WHAT THIS TASK INVOLVES =
Make an exact copy of all the entries, with the pictures left out.

(Dataset items)
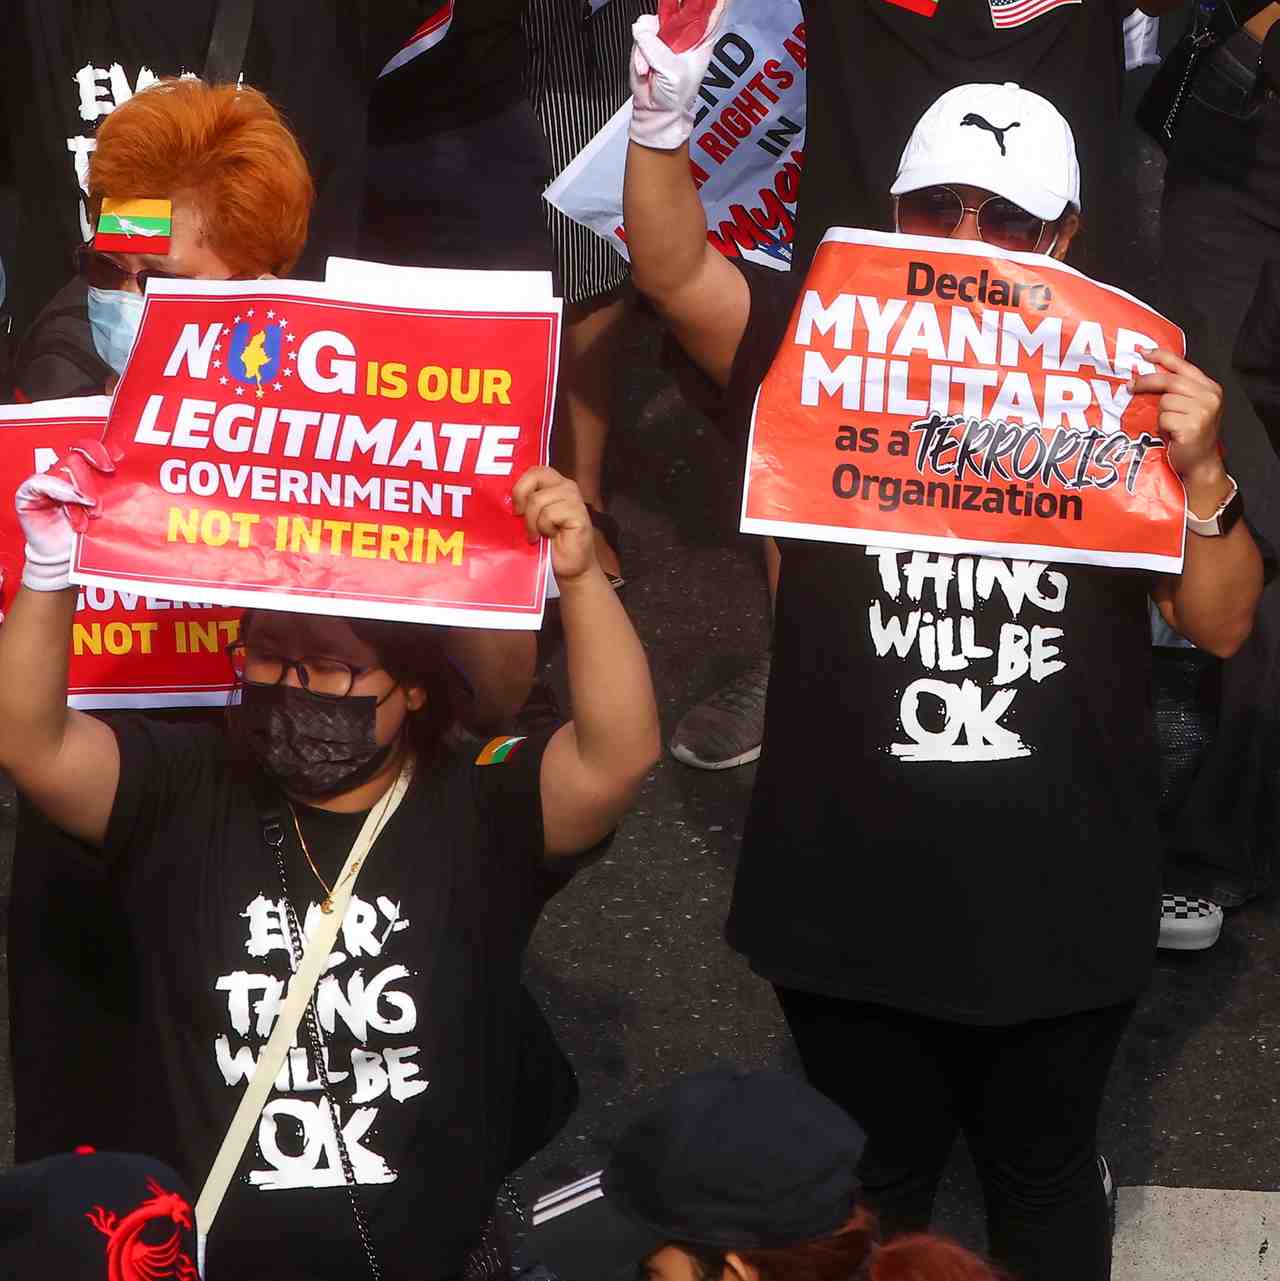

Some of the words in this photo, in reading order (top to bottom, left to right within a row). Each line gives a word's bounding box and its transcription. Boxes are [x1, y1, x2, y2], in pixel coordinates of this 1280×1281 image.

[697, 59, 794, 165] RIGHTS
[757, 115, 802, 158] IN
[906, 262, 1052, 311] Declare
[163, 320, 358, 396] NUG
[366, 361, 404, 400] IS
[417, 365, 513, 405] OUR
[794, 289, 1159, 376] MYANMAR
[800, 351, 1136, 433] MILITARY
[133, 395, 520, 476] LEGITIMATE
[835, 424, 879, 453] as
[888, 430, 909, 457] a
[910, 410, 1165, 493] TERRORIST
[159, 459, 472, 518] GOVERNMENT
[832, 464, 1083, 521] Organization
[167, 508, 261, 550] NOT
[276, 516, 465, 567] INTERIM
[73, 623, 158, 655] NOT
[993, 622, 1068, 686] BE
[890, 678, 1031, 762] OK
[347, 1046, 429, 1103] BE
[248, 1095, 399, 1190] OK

ANSWER SECTION =
Some of the words in this photo, in reading order (top to bottom, left to right within a row). Each line gives a word's bounding box and its transcription. Boxes are [x1, y1, x2, y2], in pixel coordinates of this 1280×1281 image.

[697, 59, 794, 165] RIGHTS
[757, 115, 802, 158] IN
[906, 262, 1052, 311] Declare
[163, 320, 358, 396] NUG
[366, 361, 404, 400] IS
[417, 365, 513, 405] OUR
[794, 289, 1159, 376] MYANMAR
[800, 351, 1136, 433] MILITARY
[133, 395, 520, 476] LEGITIMATE
[835, 424, 879, 453] as
[888, 430, 909, 457] a
[910, 410, 1165, 493] TERRORIST
[159, 459, 472, 518] GOVERNMENT
[832, 464, 1083, 521] Organization
[167, 508, 261, 550] NOT
[276, 516, 465, 567] INTERIM
[73, 623, 158, 655] NOT
[993, 622, 1068, 686] BE
[890, 678, 1031, 762] OK
[347, 1046, 429, 1103] BE
[248, 1095, 399, 1190] OK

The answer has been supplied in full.